With positive thinking working on over drive, we parked our blanket and started chatting about how lovely the weather was, and how delicious the vodka soda. We talked about how the ‘older crowd’ would surely show up later, and ‘look, over there, it’s a guy our age!’. We took a few selfies. Yes, we decided, it was going to be a fun night. Then something awful happened. As I looked over my friends shoulder I saw something I couldn’t un-see. A beer bong (a funnel with a tube attached through which huge quantity of beer is poured and consumed at a ridiculous pace) being held up to a mouth, full of goon. That’s like drinking half a bottle of wine in one go. Now I’m no prude and I’m sure the crowd of half naked backpackers were having a lovely Sydney moment, but in that very moment it dawned on both of us that, considering it was only 3pm at this stage, in a couple of hours it was going to get, as my friend puts it so nicely, ‘rapey’.

We decided to evacuate. But what to do? We wandered round to nearby Rushcutters Bay to find the entire area caged off with police everywhere and huge signs saying: ALCOHOL FREE AREA. A dozen bag searching security guards stood waiting with menacing looks. Unsurprisingly, the cage had a grand total of 20 people in it. Hmm. We dragged our picnic bag further and found an empty reserve with basically no view. This would do. We proceeded to drink more vodka while we discussed how ridiculous it was to be forced to decide between the two extremes. The police came over and told us the empty park was an alcohol free zone, as if to highlight this point.

Eventually we admitted fireworks defeat and headed off to a friend’s party in Darlinghurst. Sitting in the summer air, having a BBQ on their balcony, we all fell into great conversation. As the night progressed, and we clinked our proper glasses together again and again it felt quite silly to have wanted to sit in a park for hours just to watch fireworks for five or so minutes. Although, we agreed, it would have been nice to have a colourful backdrop to separate out NYE from every other drunken night out in Sydney, but never mind.
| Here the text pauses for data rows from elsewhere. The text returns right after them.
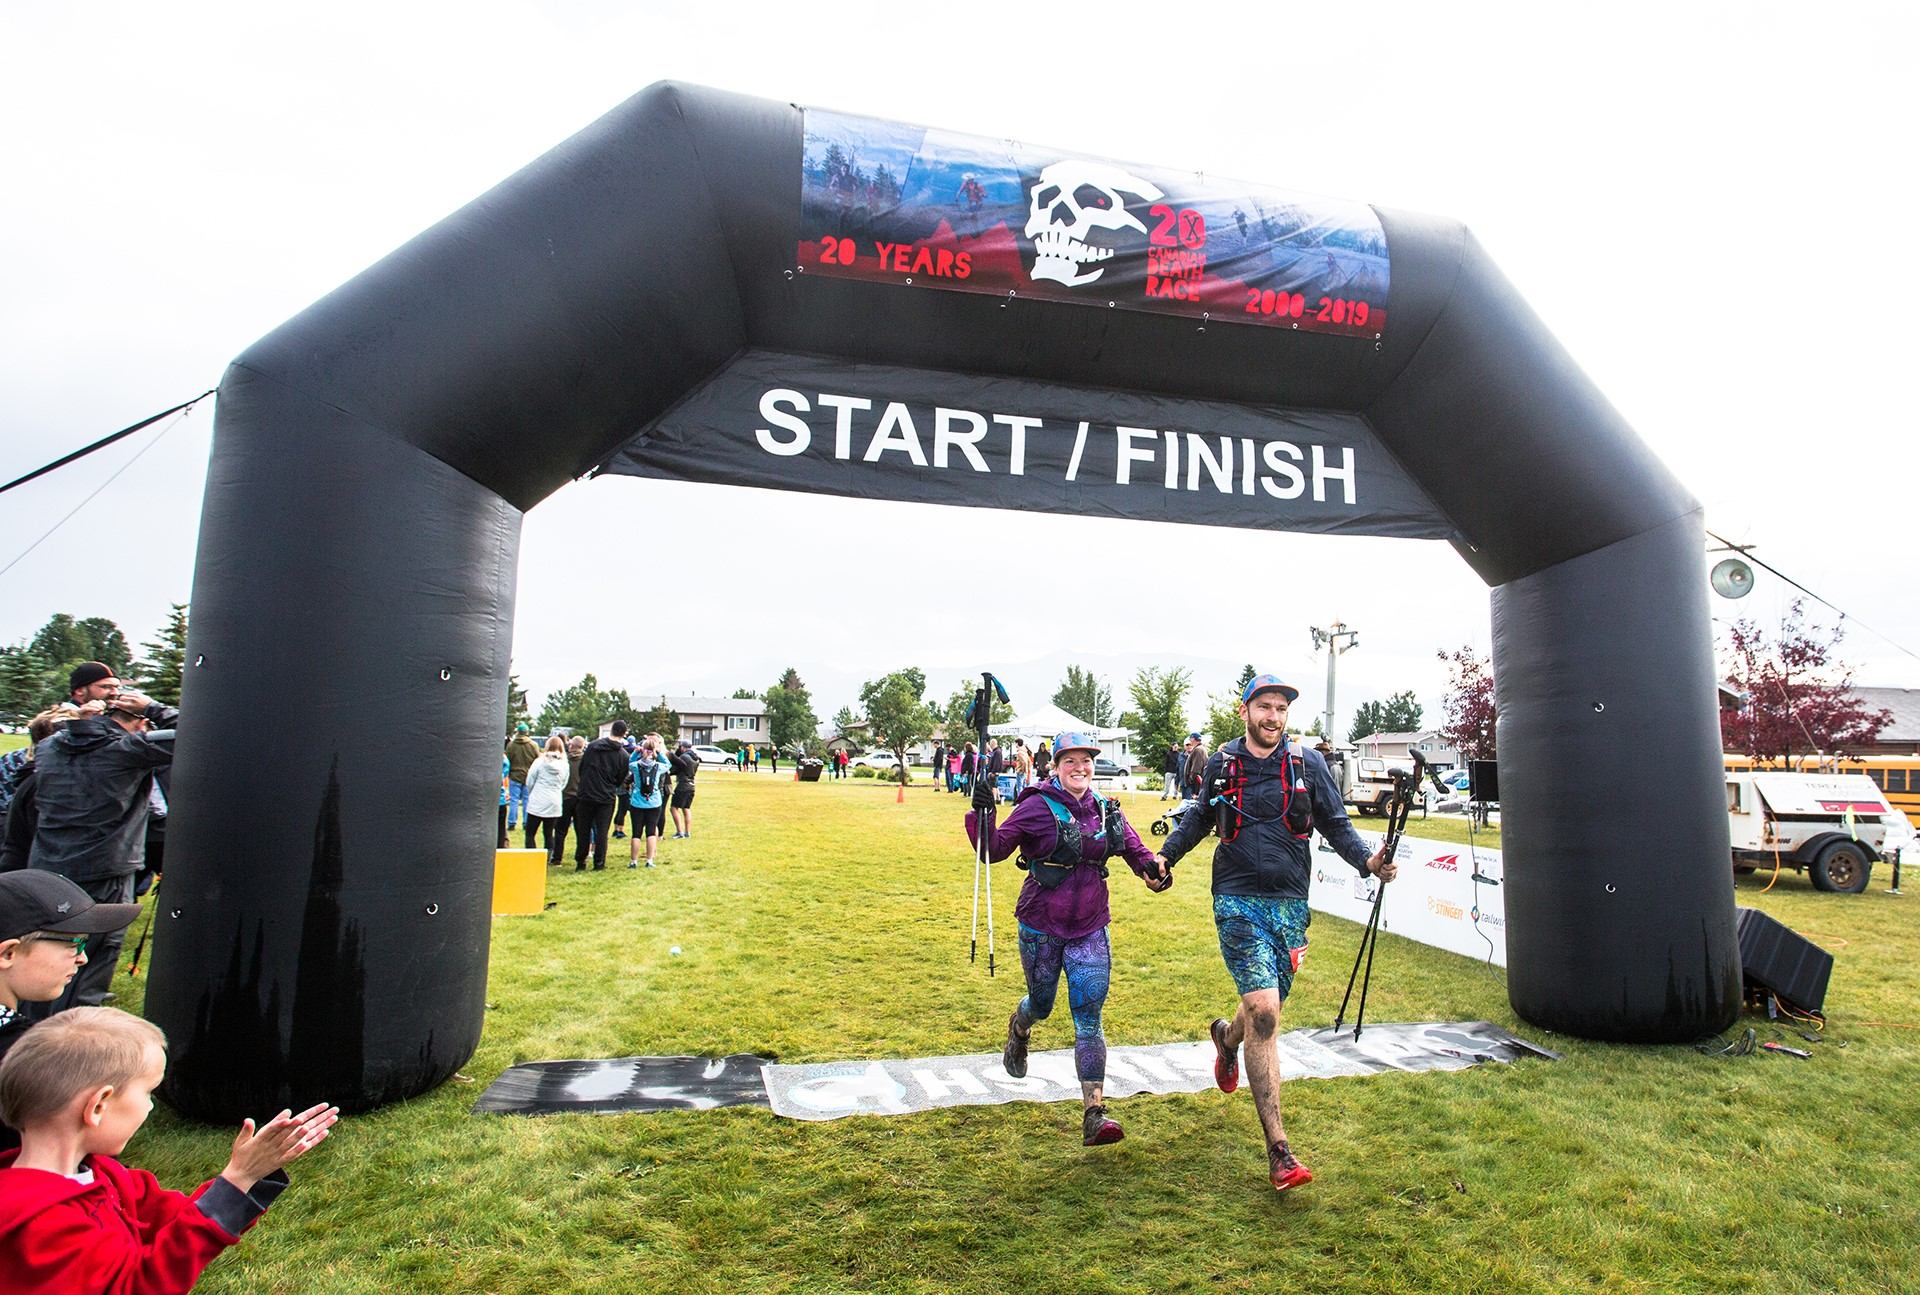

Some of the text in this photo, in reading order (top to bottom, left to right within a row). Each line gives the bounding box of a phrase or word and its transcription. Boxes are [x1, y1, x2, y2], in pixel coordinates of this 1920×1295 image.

[820, 235, 972, 279] 20 YEARS
[1147, 257, 1204, 280] DEATH
[1148, 247, 1207, 266] CANADIAN
[1146, 275, 1201, 302] RACE
[755, 388, 1356, 505] START / FINISH
[1435, 902, 1464, 921] STINGER
11:30pm rolled around and our hosts told us all to get ready to go for a walk. Stumbling around the block and into a very fancy apartment building we wondered what was going on.  Fast forward half an hour and we had somehow ascended from BYO hell to welcoming in 2014 on the balcony of a multi million dollar penthouse apartment, as fireworks exploded in the background. Never mind that we had literally just crashed a party for the sole purpose of using their view for half an hour. Never mind that we didn’t know any of the other guests, who did look a little surprised to see us.  A glass of the host’s Champagne in hand, we declared the mission a success.

Now that’s New Year’s Eve in Sydney!